*** Supplied entries ***

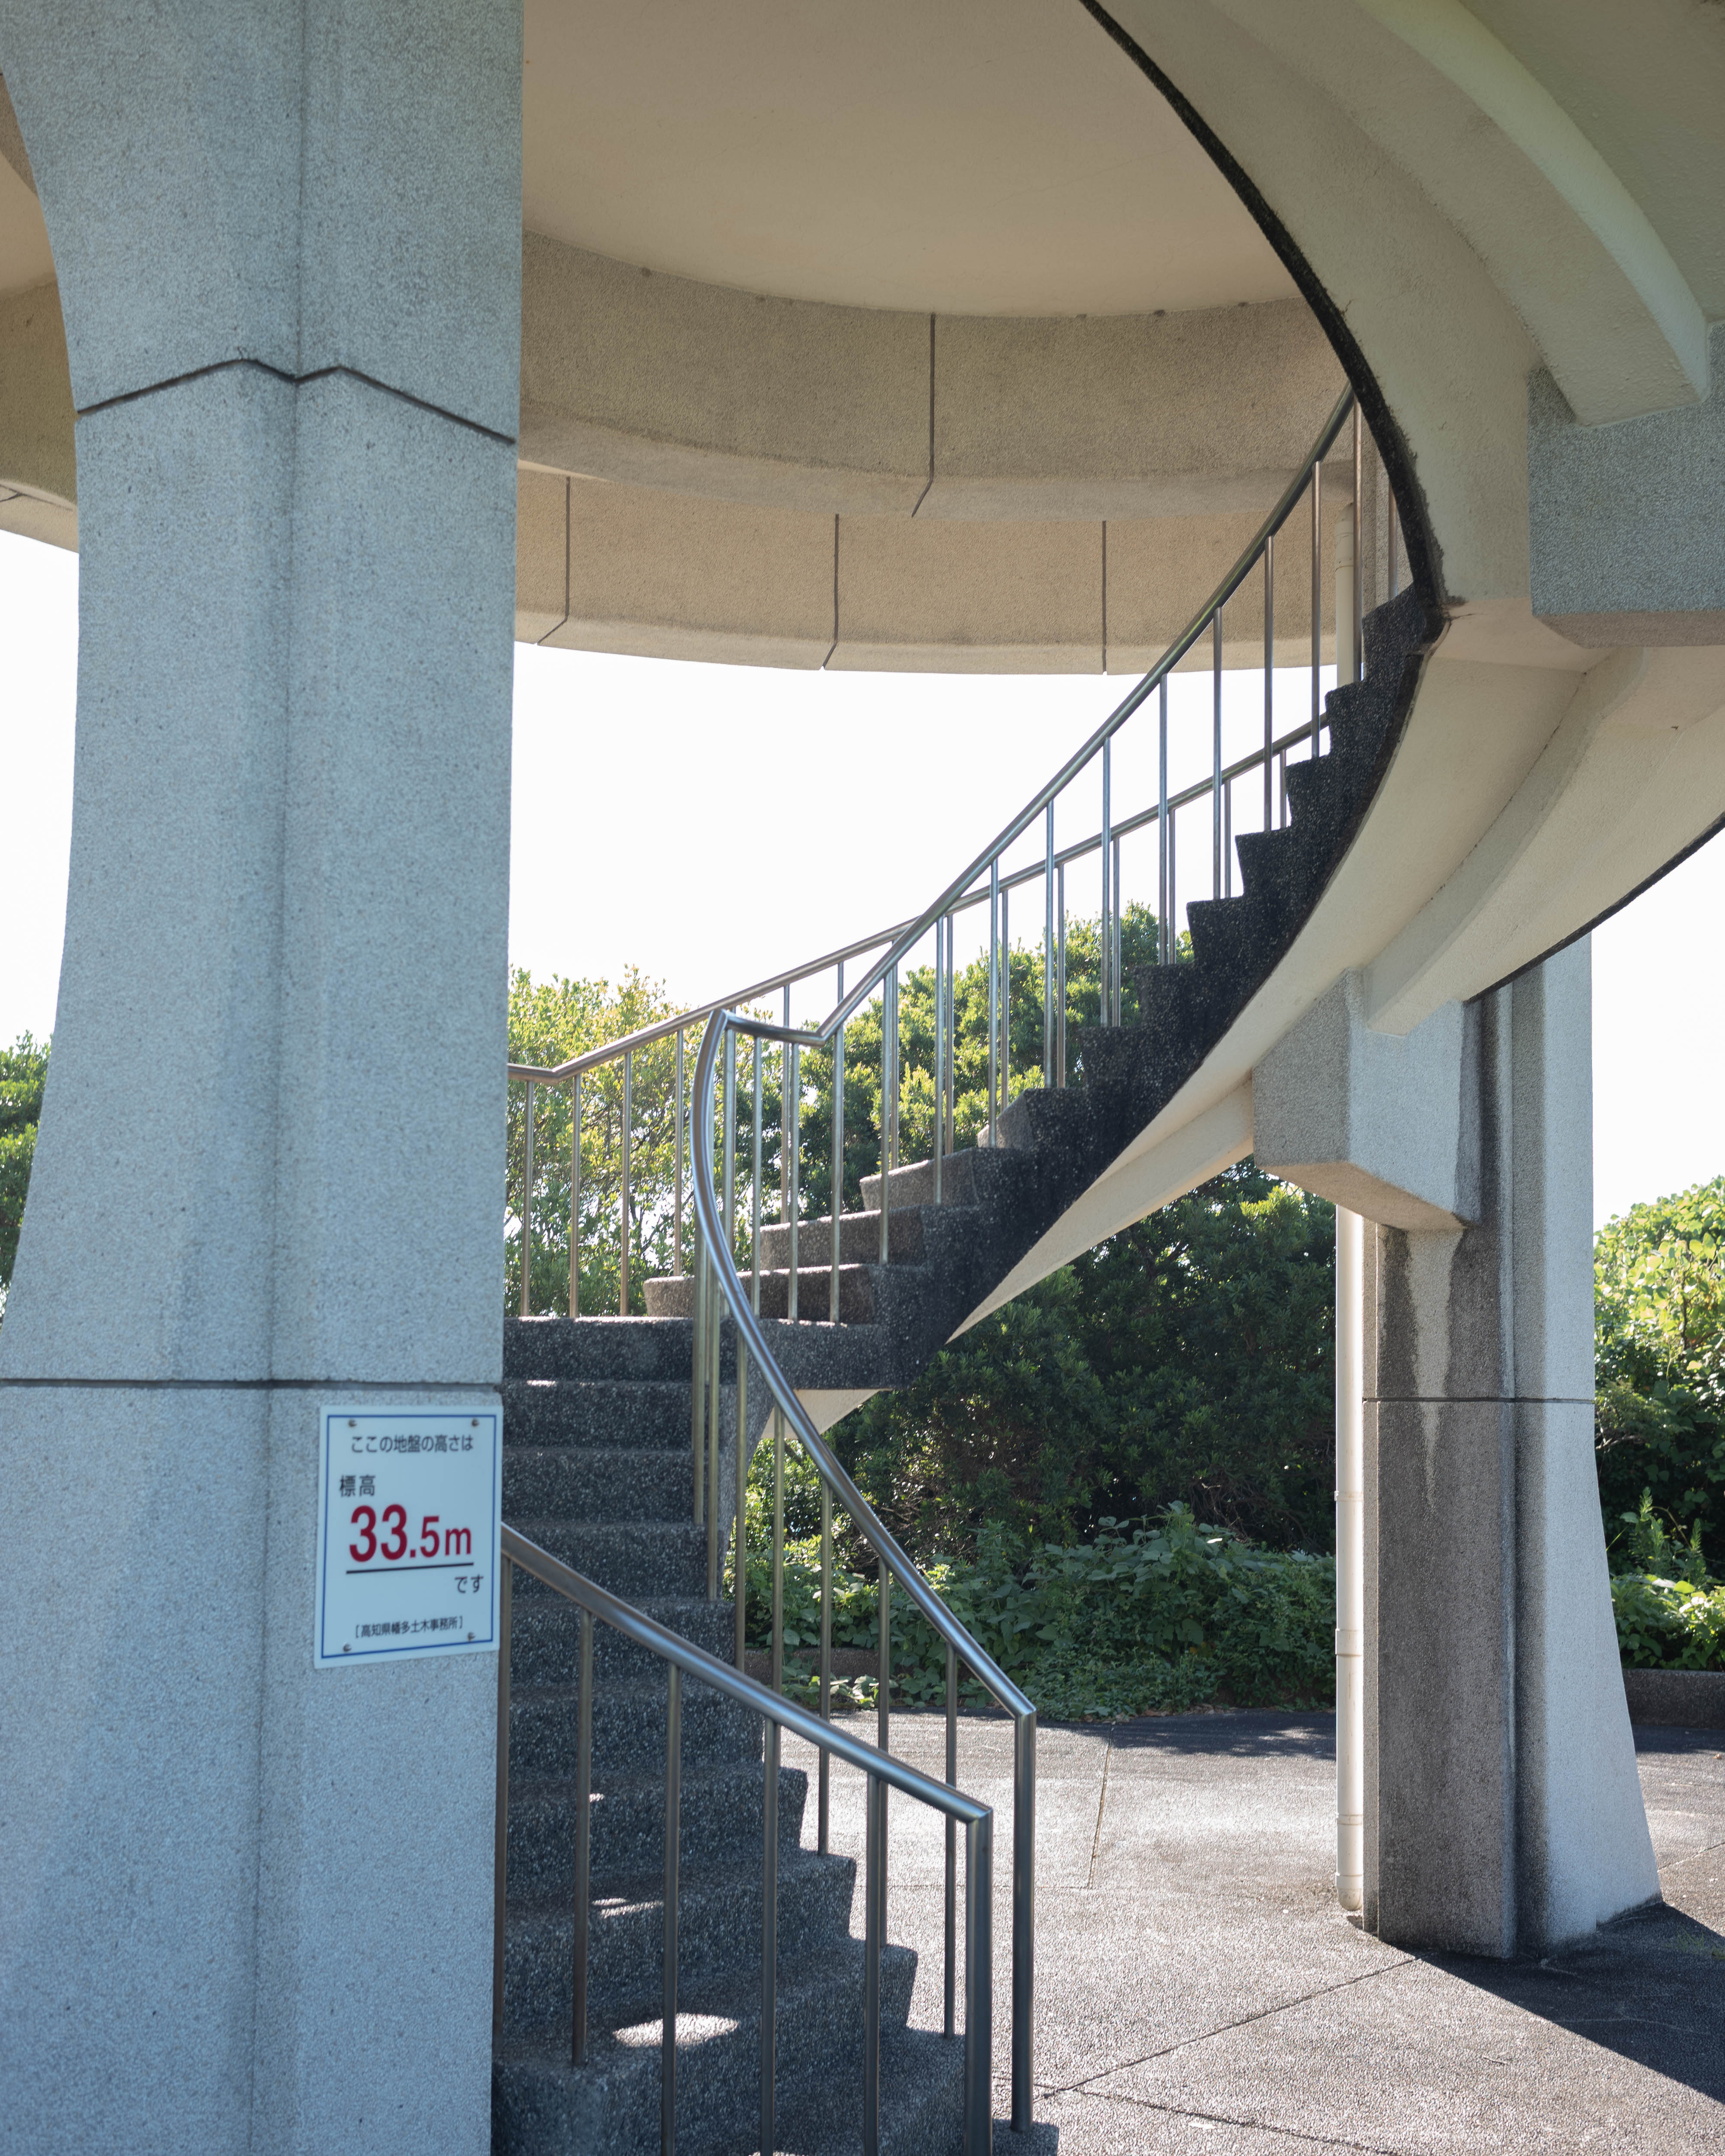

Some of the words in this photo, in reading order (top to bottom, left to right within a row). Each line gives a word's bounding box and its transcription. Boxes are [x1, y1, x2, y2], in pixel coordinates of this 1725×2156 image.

[352, 1435, 474, 1453] ここの地盤の高さは
[339, 1475, 376, 1497] 標高
[349, 1504, 472, 1562] 33.5m
[455, 1575, 484, 1593] です
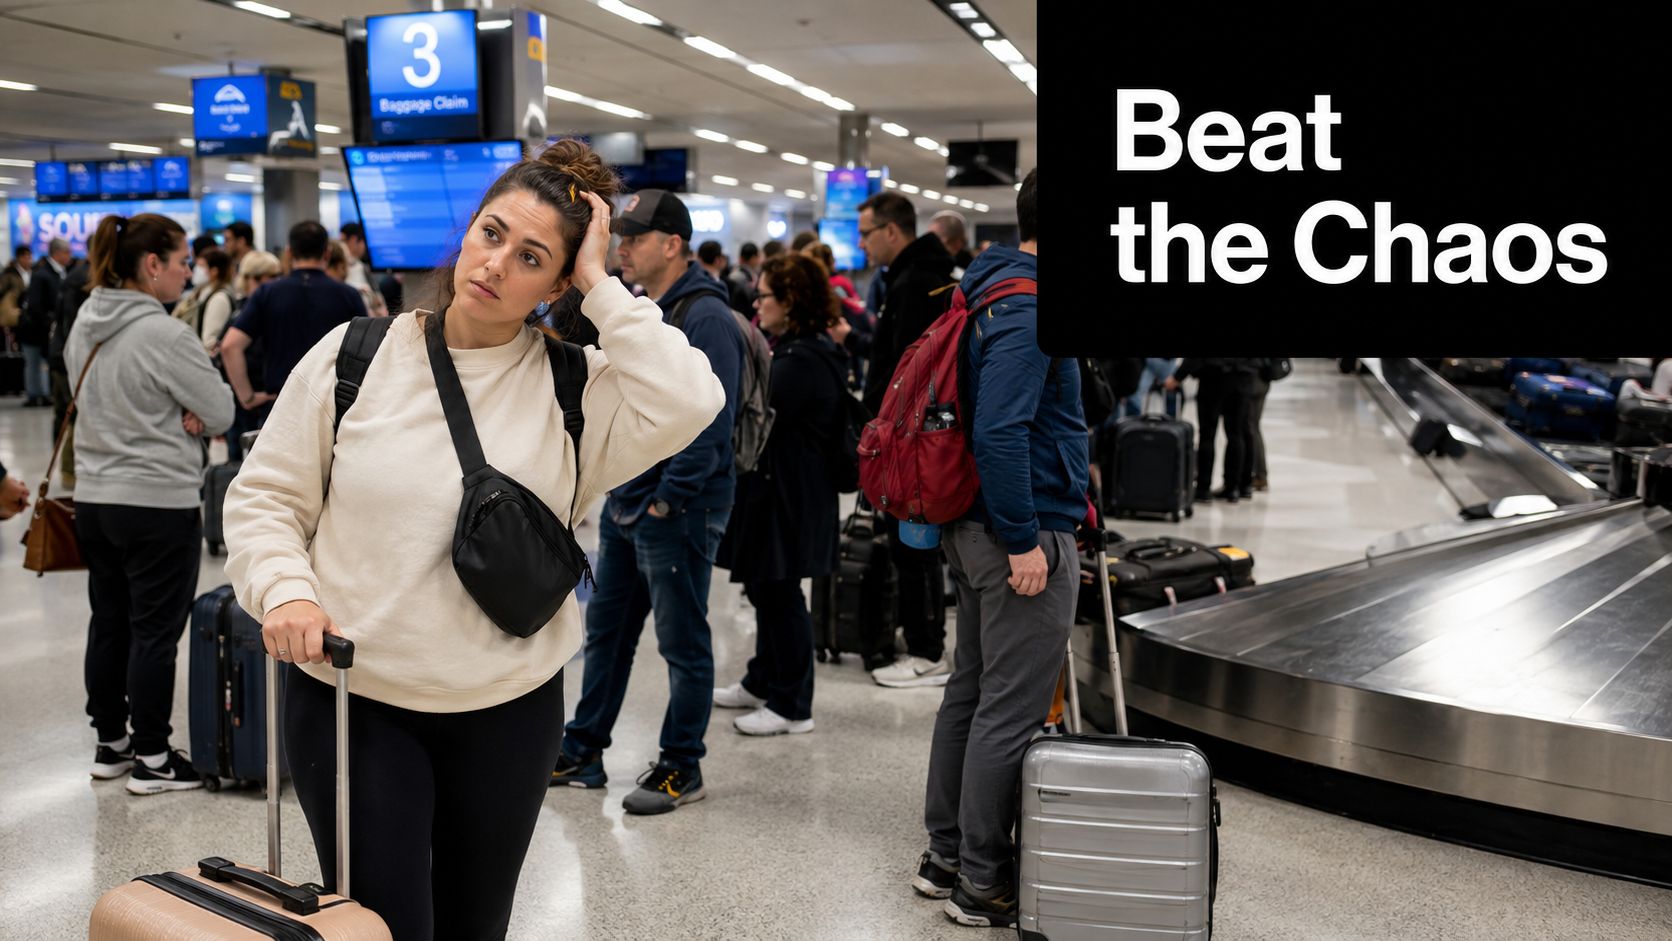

*** End of Supplied entries ***

#### Exercise:
Write out every entry above exactly as it stands, minus the pictures.

#### Your response:
Some of the words in this photo, in reading order (top to bottom, left to right within a row). Each line gives a word's bounding box and its transcription. Boxes are [x1, y1, x2, y2], in pixel coordinates of this 1725×2156 image.

[352, 1435, 474, 1453] ここの地盤の高さは
[339, 1475, 376, 1497] 標高
[349, 1504, 472, 1562] 33.5m
[455, 1575, 484, 1593] です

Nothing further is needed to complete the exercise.